日本の東日本大震災の「反射利益」を得ているのは、韓国の自動車や電子・電機メーカーばかりでない。韓国に中国などから大量の観光客が詰めかけ、期待以上の特需を得ている。東北アジアの観光大国の座を競う日韓両国だが、今年は、韓国への海外からの来訪者数が初めて1000万人を超える可能性も出てきた。

 両手にデパートの大きなショッピングバッグを5つも6つも持って談笑しながら歩く女性3人連れ。ソウルの中心部でこういう女性グループと言えば、数年前まで決まって日本人だった。だが、よく見ると「ユニクロ」のショッピングバッグも。すれ違いざまに聞こえてきたのは日本語ではなく、中国語だった。

満室だらけでホテルの予約が取れない!

夏休みで賑わう韓国の観光地

観光客誘致に力を入れる韓国。震災後、中国からの観光客が急増している〔AFPBB News

 ソウルではいま、すさまじい勢いで中国人旅行者が増えている。

 「おかげさまで12月中旬まで100%満室です。キャンセル待ちもたくさんいただいており、申し訳ありませんが、これ以上の予約は受け付けておりません」

 2011年10月10日。日本から知人が韓国を訪問するというので、ソウルの江南地区にある比較的混雑していない中級ホテルを予約しようとしたが、ネット予約がうまくつながらない。面倒なので直接フロントに行ってみたら、丁寧ながら断固とした答えが返ってきた。

 このホテル、つい2年前までネット予約すれば1泊10万ウォン(1円=15ウォン)以下で宿泊できた。いまは「格安12万ウォン」となっているが、部屋そのものがまったくない。ここだけではない。いま、ソウルのあちこちのホテルでまったく予約ができない状態が起きている。
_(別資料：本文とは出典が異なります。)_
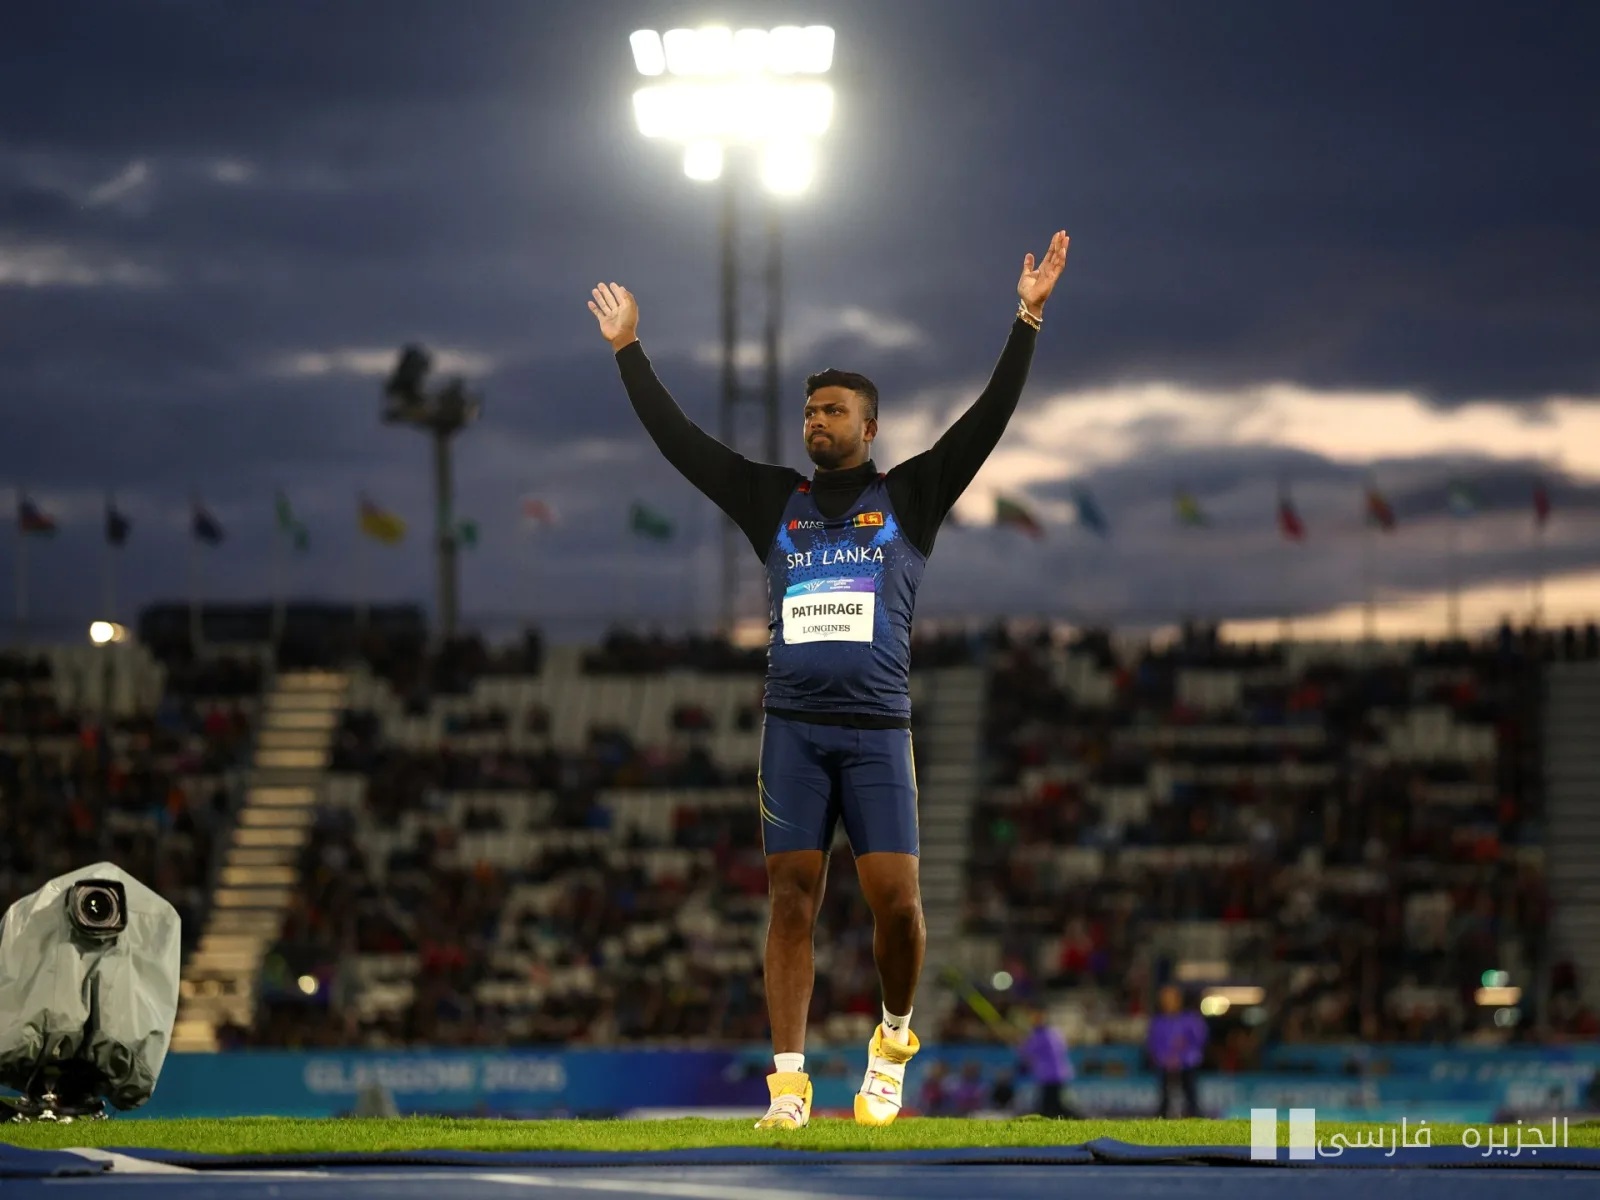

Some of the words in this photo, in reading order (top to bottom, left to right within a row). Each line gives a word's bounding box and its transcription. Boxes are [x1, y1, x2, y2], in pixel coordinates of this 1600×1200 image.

[798, 520, 824, 529] MAS
[786, 551, 812, 569] SRI
[822, 546, 885, 565] LANKA
[791, 603, 863, 619] PATHIRAGE
[802, 624, 851, 634] LONGINES
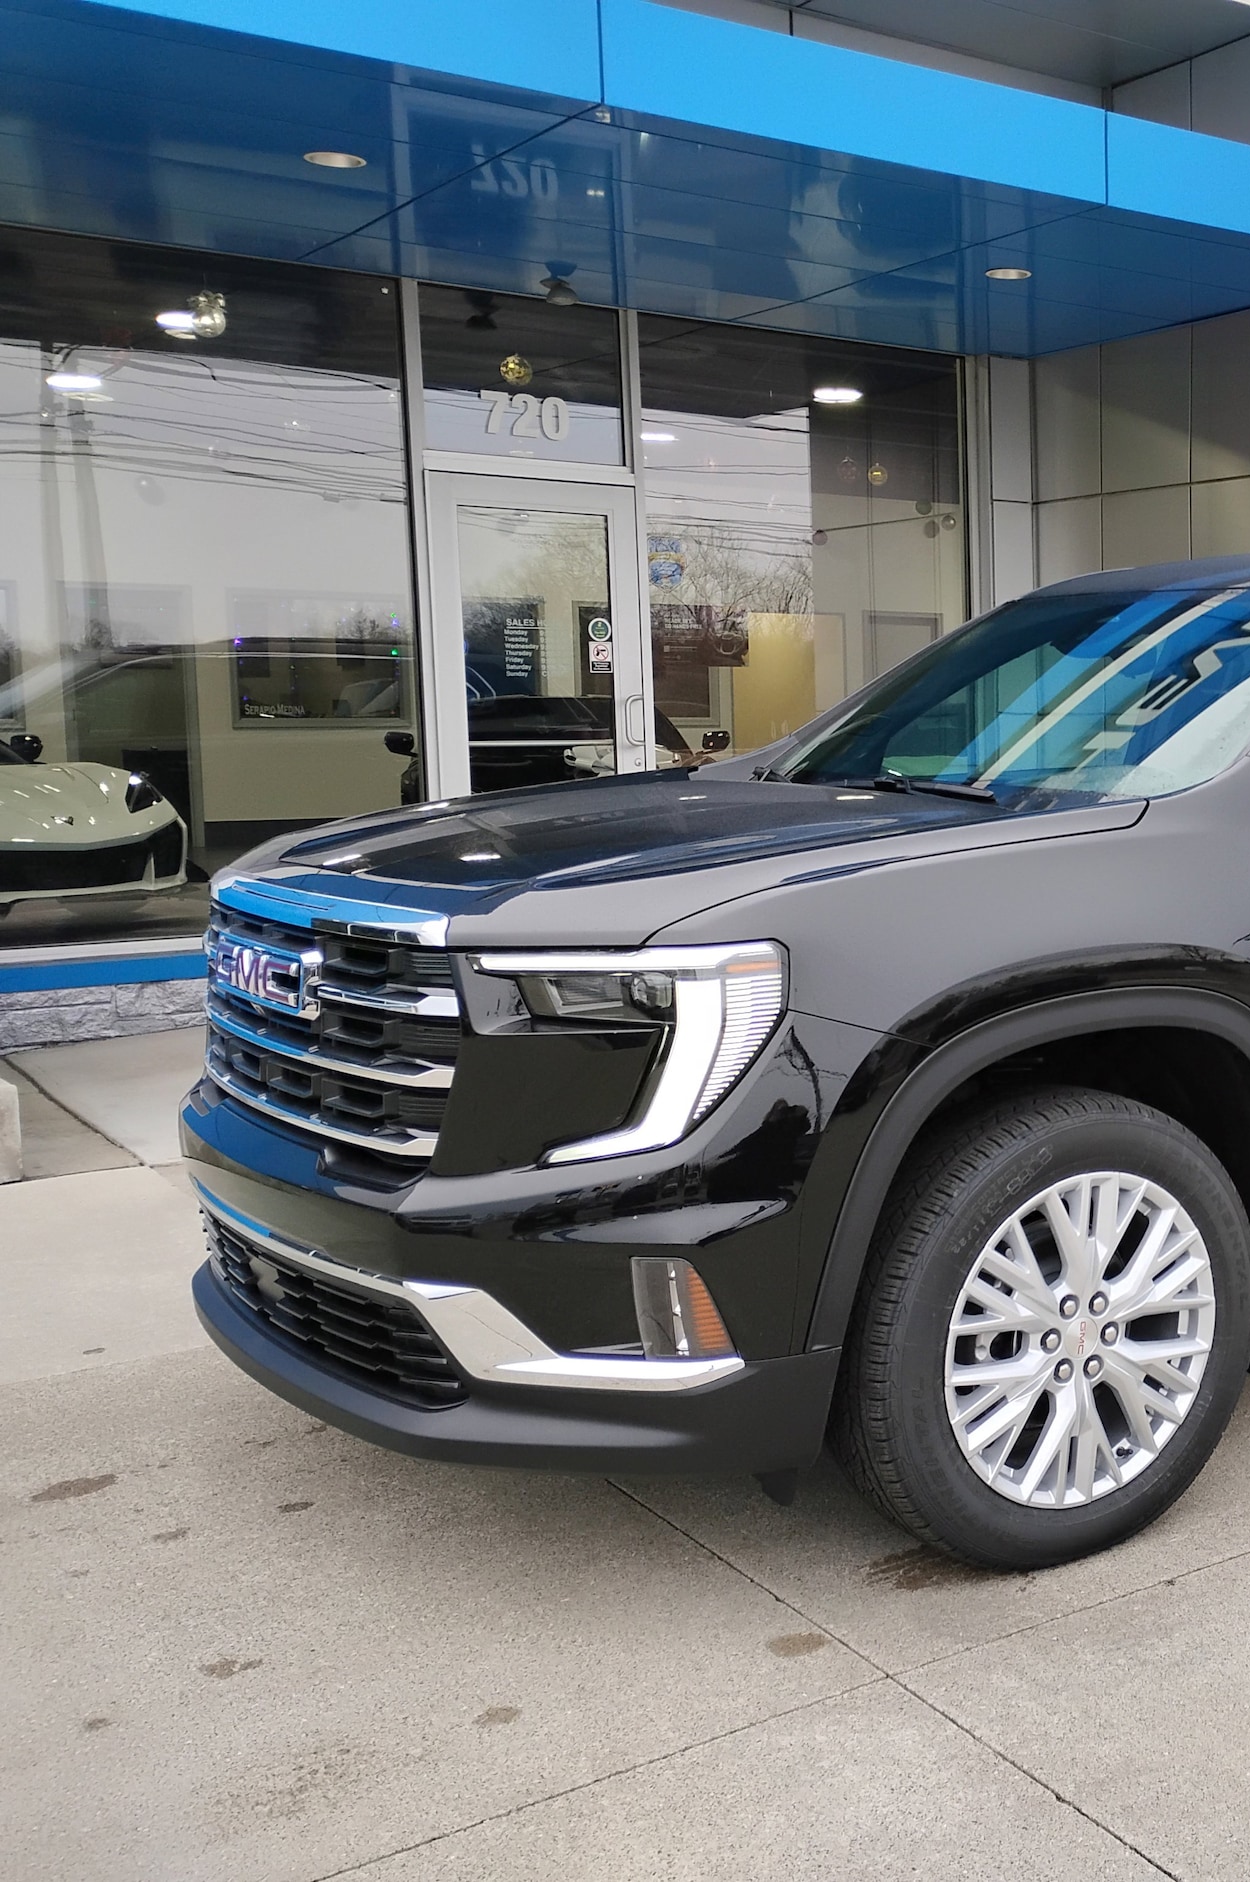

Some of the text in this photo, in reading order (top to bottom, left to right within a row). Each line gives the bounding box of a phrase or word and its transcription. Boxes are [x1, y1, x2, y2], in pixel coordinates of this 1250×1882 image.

[479, 389, 570, 441] 720
[506, 618, 535, 627] SALES
[506, 670, 528, 678] Sunday
[216, 939, 300, 1008] GMC
[1077, 1321, 1087, 1355] GMC
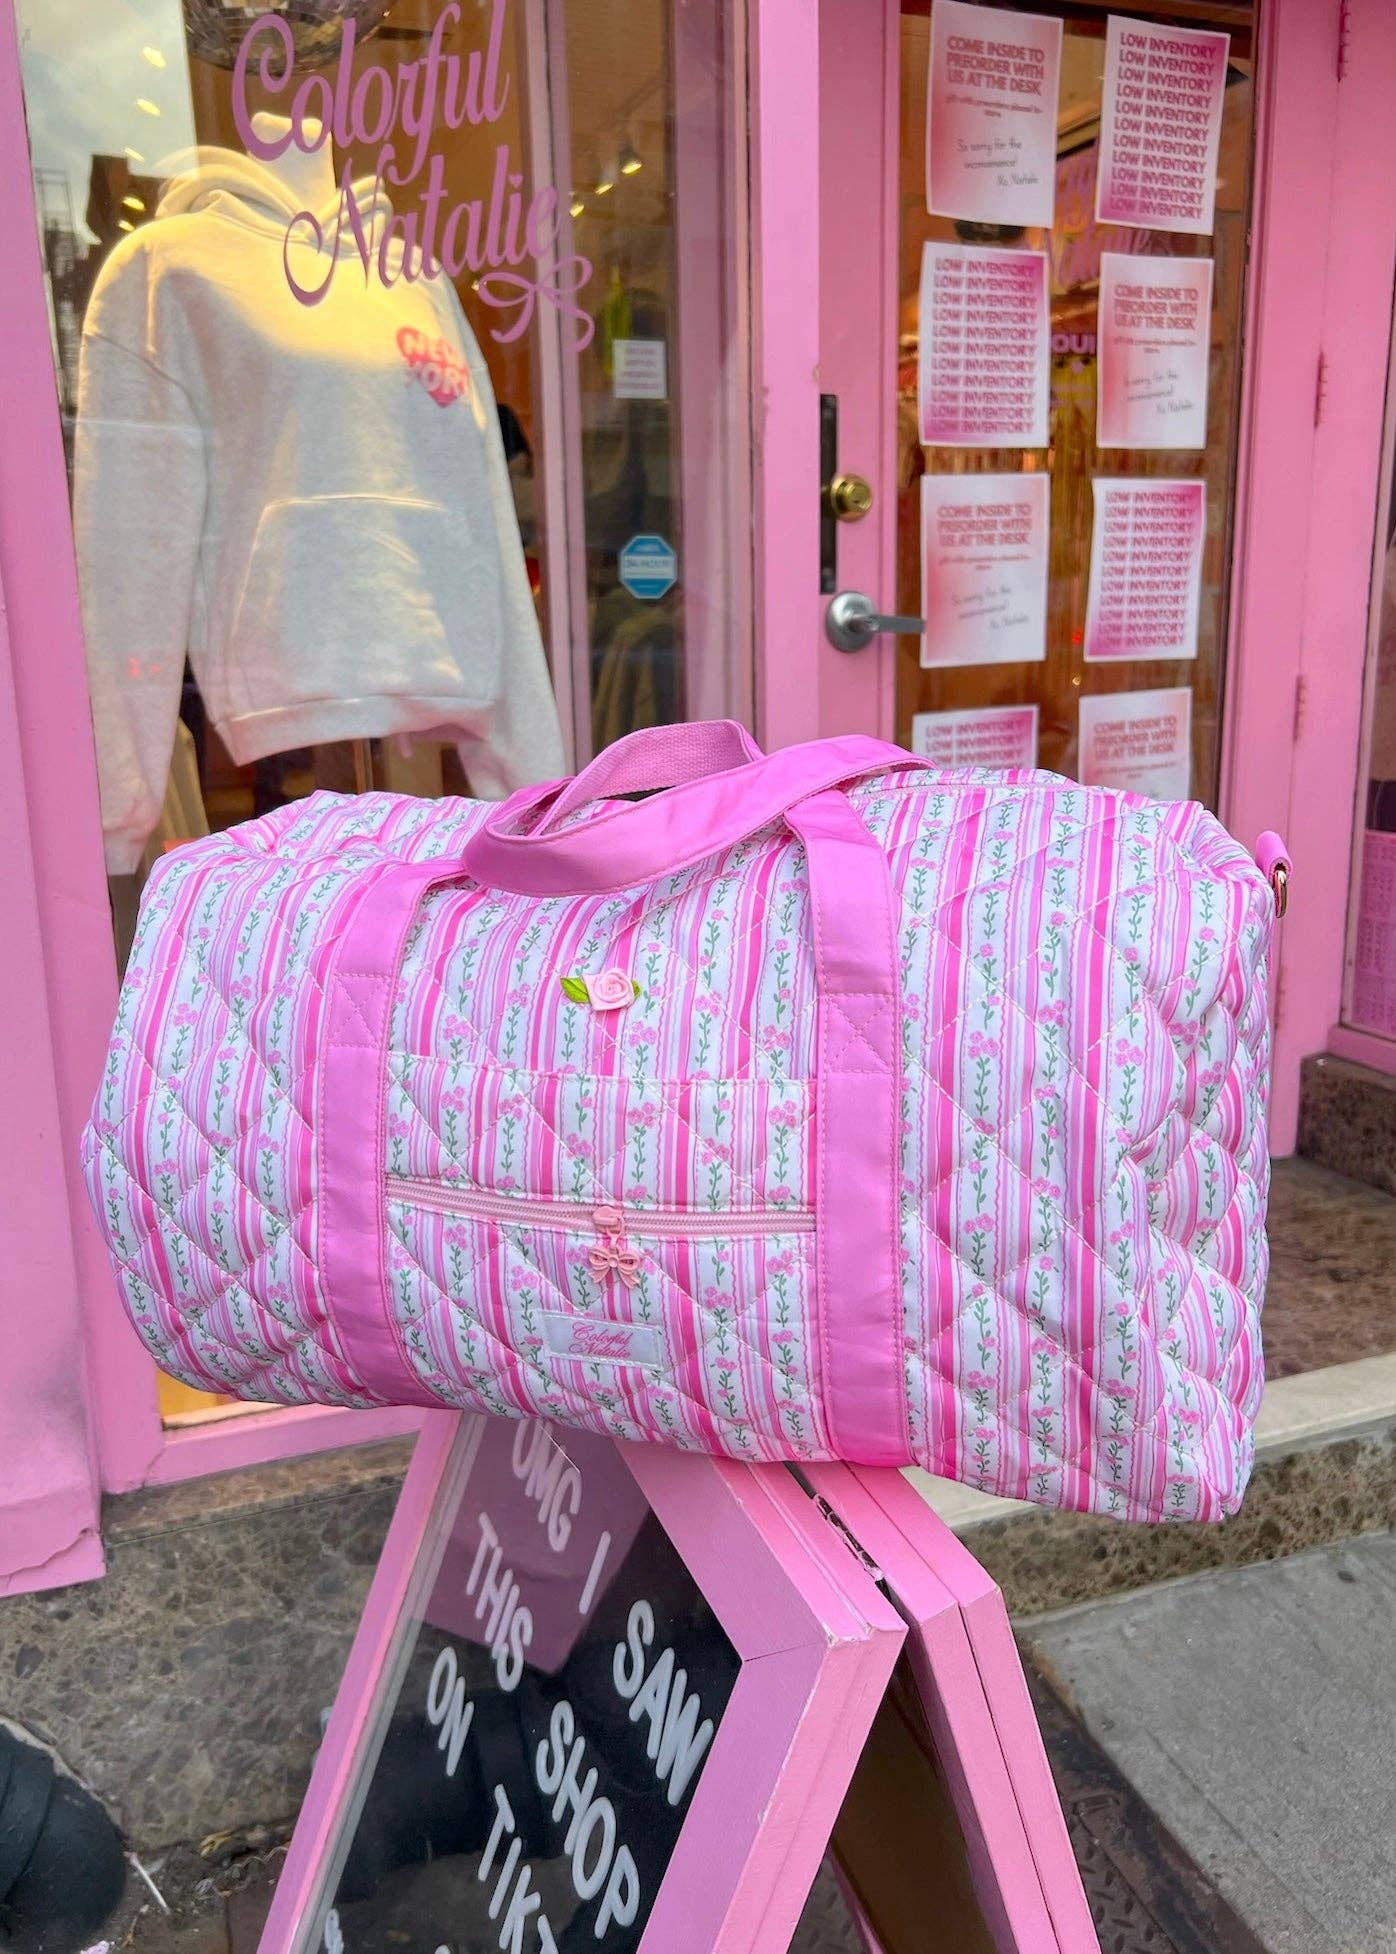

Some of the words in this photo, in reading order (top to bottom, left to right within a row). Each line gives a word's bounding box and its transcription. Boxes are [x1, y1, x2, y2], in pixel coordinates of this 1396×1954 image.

[947, 36, 984, 55] COME
[986, 41, 1025, 61] INSIDE
[1027, 48, 1045, 63] TO
[1121, 32, 1147, 49] LOW
[1149, 38, 1216, 58] INVENTORY
[946, 52, 1011, 74] PREORDER
[1013, 62, 1044, 79] WITH
[1119, 49, 1146, 65] LOW
[1148, 55, 1214, 76] INVENTORY
[948, 68, 964, 85] US
[967, 71, 983, 87] AT
[984, 73, 1008, 90] THE
[1010, 77, 1042, 96] DESK
[1118, 66, 1145, 82] LOW
[1147, 71, 1213, 92] INVENTORY
[232, 0, 511, 185] Colorful
[1117, 83, 1144, 99] LOW
[1146, 88, 1211, 108] INVENTORY
[1116, 100, 1143, 115] LOW
[1145, 105, 1210, 125] INVENTORY
[1114, 117, 1142, 133] LOW
[1144, 121, 1209, 141] INVENTORY
[1113, 133, 1141, 149] LOW
[1143, 138, 1207, 158] INVENTORY
[1112, 150, 1140, 165] LOW
[1142, 154, 1206, 174] INVENTORY
[1111, 166, 1139, 182] LOW
[1141, 170, 1205, 189] INVENTORY
[1111, 182, 1138, 197] LOW
[1140, 186, 1204, 204] INVENTORY
[1110, 197, 1137, 211] LOW
[1139, 201, 1202, 219] INVENTORY
[283, 144, 563, 307] Natalie
[935, 257, 962, 272] LOW
[967, 260, 1035, 277] INVENTORY
[934, 274, 961, 289] LOW
[967, 277, 1036, 293] INVENTORY
[933, 291, 961, 305] LOW
[966, 294, 1037, 309] INVENTORY
[1114, 284, 1143, 299] COME
[1148, 287, 1181, 300] INSIDE
[1183, 288, 1198, 301] TO
[1113, 298, 1167, 314] PREORDER
[1170, 303, 1198, 315] WITH
[932, 308, 960, 321] LOW
[966, 310, 1037, 324] INVENTORY
[1115, 313, 1128, 327] US
[1130, 315, 1144, 328] AT
[1145, 316, 1165, 328] THE
[1167, 317, 1196, 330] DESK
[932, 325, 960, 337] LOW
[966, 326, 1038, 341] INVENTORY
[931, 341, 960, 354] LOW
[966, 343, 1037, 357] INVENTORY
[931, 357, 959, 370] LOW
[965, 359, 1037, 373] INVENTORY
[931, 374, 959, 386] LOW
[965, 375, 1036, 389] INVENTORY
[931, 390, 959, 402] LOW
[964, 391, 1035, 404] INVENTORY
[931, 405, 958, 418] LOW
[963, 406, 1034, 420] INVENTORY
[931, 420, 958, 432] LOW
[962, 421, 1033, 434] INVENTORY
[1105, 490, 1130, 503] LOW
[1133, 491, 1194, 504] INVENTORY
[938, 505, 973, 517] COME
[976, 504, 1012, 517] INSIDE
[1015, 502, 1031, 516] TO
[1104, 505, 1129, 518] LOW
[1133, 506, 1194, 519] INVENTORY
[938, 519, 997, 533] PREORDER
[1002, 518, 1032, 530] WITH
[1104, 520, 1128, 533] LOW
[1132, 521, 1193, 533] INVENTORY
[941, 534, 956, 547] US
[959, 533, 974, 547] AT
[976, 533, 997, 546] THE
[999, 532, 1031, 545] DESK
[1103, 535, 1128, 547] LOW
[1131, 535, 1193, 548] INVENTORY
[1103, 550, 1127, 562] LOW
[1131, 550, 1192, 562] INVENTORY
[1102, 565, 1125, 577] LOW
[1130, 565, 1191, 577] INVENTORY
[1102, 580, 1124, 592] LOW
[1128, 580, 1189, 592] INVENTORY
[1101, 594, 1123, 606] LOW
[1127, 594, 1187, 606] INVENTORY
[1100, 609, 1122, 621] LOW
[1126, 609, 1186, 621] INVENTORY
[1099, 623, 1122, 635] LOW
[1125, 623, 1185, 634] INVENTORY
[1098, 637, 1122, 649] LOW
[1125, 636, 1184, 648] INVENTORY
[926, 725, 953, 738] LOW
[957, 719, 1024, 734] INVENTORY
[1094, 722, 1125, 734] COME
[1128, 719, 1161, 730] INSIDE
[1162, 715, 1177, 727] TO
[926, 739, 953, 752] LOW
[957, 734, 1023, 748] INVENTORY
[1093, 733, 1149, 746] PREORDER
[1151, 730, 1176, 740] WITH
[957, 748, 1023, 763] INVENTORY
[1095, 747, 1109, 760] US
[1111, 746, 1125, 758] AT
[1127, 746, 1147, 757] THE
[1149, 743, 1174, 754] DESK
[572, 1322, 634, 1349] Colorful
[569, 1342, 631, 1358] Natalie
[579, 1530, 612, 1615] I
[613, 1600, 715, 1806] SAW
[427, 1646, 475, 1777] ON
[466, 1512, 533, 1692] THIS
[535, 1701, 640, 1939] SHOP
 ソウルでホテルに30年以上勤務する知人に聞いてみたら「私も、こんなことは初めて。昨年末くらいからおかしいと感じていたが、今年春以降、まったく異常な状態が続いている」と語る。

長年不動の1位だった日本人観光客、3年内に逆転は確実か

 「ホテル予約非常事態」の主役は、何と言っても中国人だ。韓国観光公社がまとめた1~8月の統計によると、中国人来訪者数は前年同期比14%増の144万人となった。ウォン安や韓流ブームなどの追い風もあって、日本人来訪者数も前年比3%増の199万7000人となったが、伸び率では中国人にまったくかなわない。

 韓国の観光業界関係者によると、「3年後には中国人の来訪者数がこれまで長年不動の1位だった日本人を抜く」と見る。一部には、「もっと早い時期に追い抜くだろう」との声も出てきた。